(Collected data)
◆ ◆ ◆ ◆

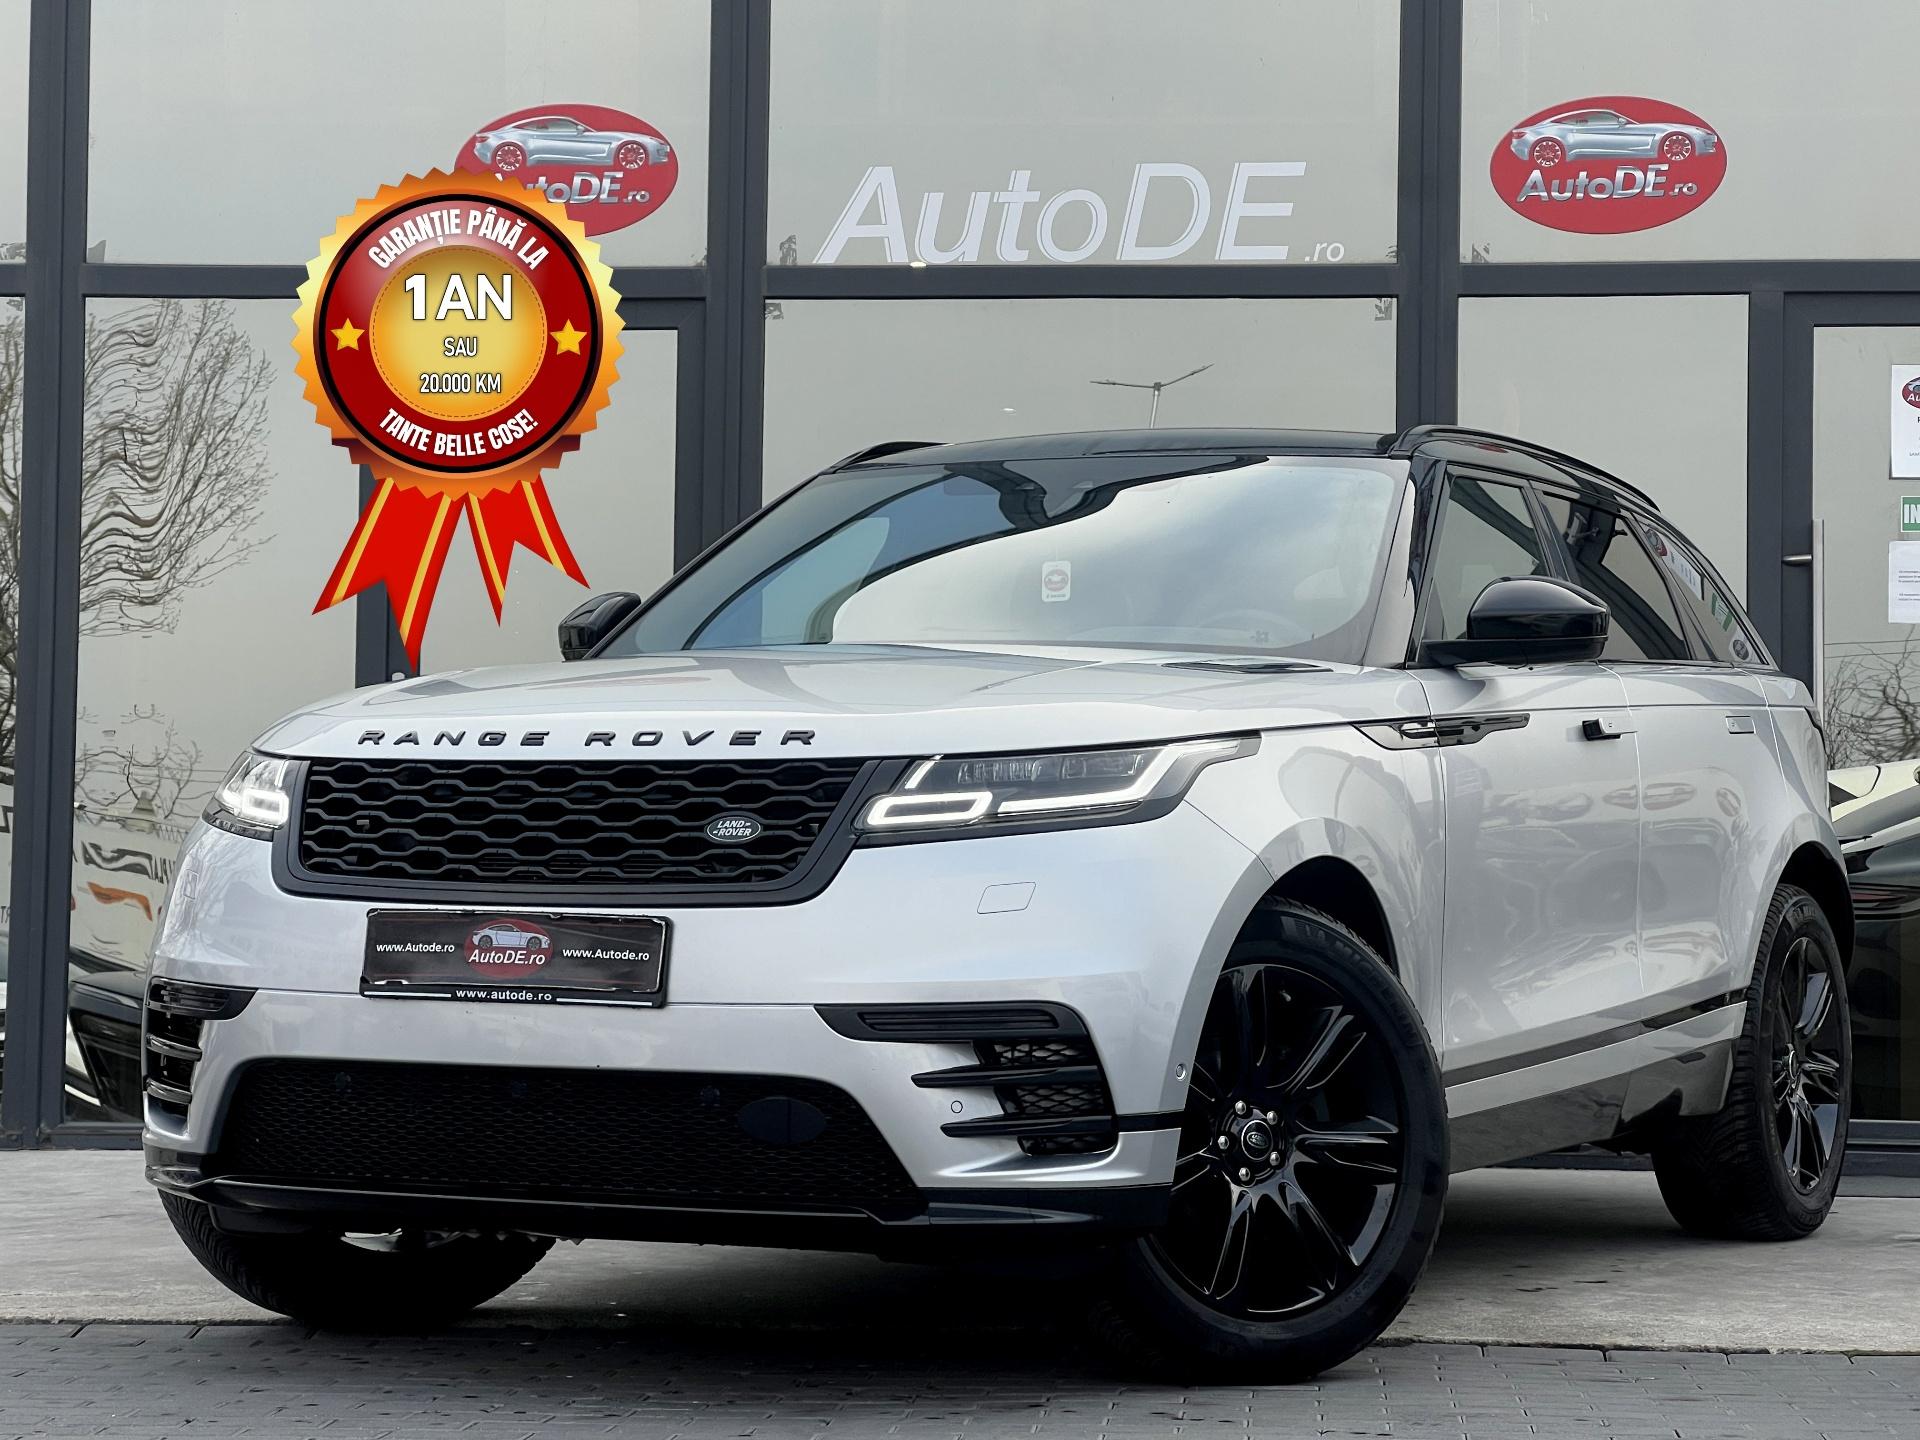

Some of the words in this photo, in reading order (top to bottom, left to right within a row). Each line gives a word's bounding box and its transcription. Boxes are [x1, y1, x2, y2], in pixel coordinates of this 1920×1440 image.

[357, 730, 550, 747] RANGE
[584, 729, 816, 747] ROVER
[376, 941, 455, 953] www.Autode.ro
[468, 949, 545, 965] AutoDE.ro
[562, 948, 650, 962] www.Autode.ro
[456, 988, 552, 1001] www.autode.ro

◆ ◆ ◆ ◆

Exact copy, no pictures: reproduce every record above.

▶ **PROBLEM SOLUTION**
Some of the words in this photo, in reading order (top to bottom, left to right within a row). Each line gives a word's bounding box and its transcription. Boxes are [x1, y1, x2, y2], in pixel coordinates of this 1920×1440 image.

[357, 730, 550, 747] RANGE
[584, 729, 816, 747] ROVER
[376, 941, 455, 953] www.Autode.ro
[468, 949, 545, 965] AutoDE.ro
[562, 948, 650, 962] www.Autode.ro
[456, 988, 552, 1001] www.autode.ro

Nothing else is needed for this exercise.